When I started DO/AO, one of my first challenges was to drop negativity. This wasn’t very successful, but I did learn a few things. I learned that it’s good to have a plan for new thoughts to focus on instead of the negatives and I learned that changing negative thought patterns is tricky.
So I didn’t go into last week expecting to cure myself of the “Poor Me”s. What I hoped was that I could catch myself thinking this way and focus more on appreciating the moment in particular and the good things about my life in general. In this way, I think the week was mostly successful. I was actually surprised at how often I was feeling sorry for myself, even in little ways. I found that, even when I was doing exactly what I wanted, there was always a part of me feeling sorry for how unfortunate I was. I’m struggling to explain exactly what I feel, as this isn’t exactly a conscious thought process.
It’s like right now. I slept moderately well, I got up early, I have already done some exercise, I have had some healthy snacks and I’ve done a bit of tidying. I’m now enjoying a little bit of peace alone in the house while I sit down and blog. So far, this is my perfect day. Yet I have been feeling that all sorts of things are wrong – I’m dependent on other people going out for some peace, I haven’t been out of the house today, my back is a bit painful, I’m not doing anything important with my day, I am too poor and worry about affording the more expensive healthy food, I don’t like enough healthy food etc. etc. Poor me, my life is such a struggle. I only caught myself doing this about a paragraph into this blog entry. Of course my life has challenges, stresses and pains and of course I have goals for my life that I have not yet achieved, but it is actually not a bad life right now.
So I spent the week trying to catch myself out thinking “Poor Me”. I managed to increase my awareness of the negative thoughts and pause to appreciate a little more. It is a beginning. (Of course, everything did come crashing down around me on the weekend. But I at least made a start and now have something to build on.)
Allowing myself to do things whenever I felt like it was a big risk. I’ve been working very hard to sustain some habits over the past month or so, particularly with regular exercise, and I was honestly quite worried that I’d just sink into a slump again because I wouldn’t feel like ever doing anything.

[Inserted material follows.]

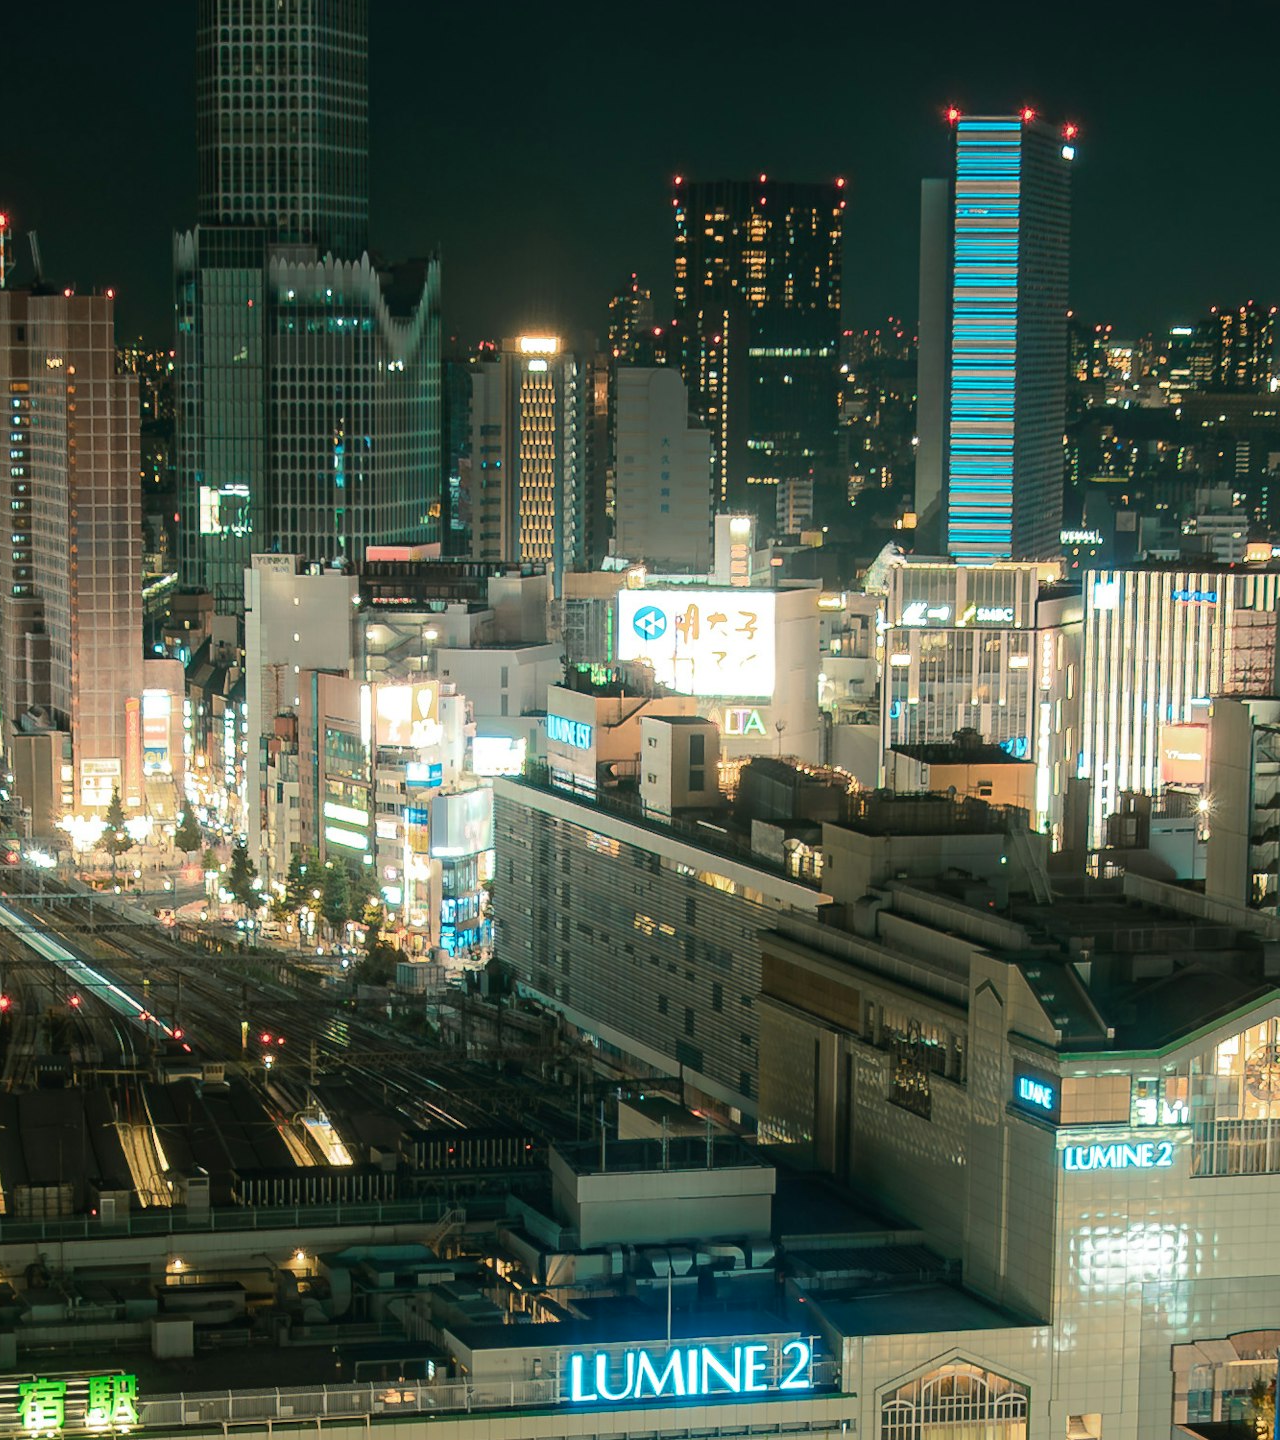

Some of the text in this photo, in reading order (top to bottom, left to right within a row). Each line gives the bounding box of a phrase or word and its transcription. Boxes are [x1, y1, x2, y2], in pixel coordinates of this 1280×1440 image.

I think I was right to be worried about that. There were definitely a few days when I did nothing despite some lovely opportunities. I think this knowledge that I was still shirking despite all my focus and efforts recently contributed my mini-crisis on the weekend. To merely let myself wait until I feel like doing something is clearly not the most effective way for me to do things.
Yet I think I was also right to take the risk for the week. I discovered that maintaining a genuine intention to do something without trying to force myself to get it done straight away was often just enough. Knowing that I was going to something – a chore, exercise, a shopping trip, post a letter – meant that a part of me was on the lookout for a good, comfortabe time to do it. It meants I was ready to go when the feeling finally came around. For once, I didn’t spend every day last week feeling bad because I’d spent the first four hours of the day doing anything but the thing I’d planned to do. I didn’t feel bad for doing my relaxing first because I had the intention to do the chore and no longer felt pressure to get it done by a certain time of the morning. In fact, I realised that I had been putting a deadline on my chores that meant I had just given up if they weren’t done by a certain time.
So, I need more than just the a loose “I’ll do it when I feel like it”. I need to be prepared to do whatever it is I intend. I need to have things ready and to still arrange my day to give myself the best chance to do it. What I don’t need to do is to always tie myself down to a certain time and feel guilty and discouraged for not getting it done as early as possible.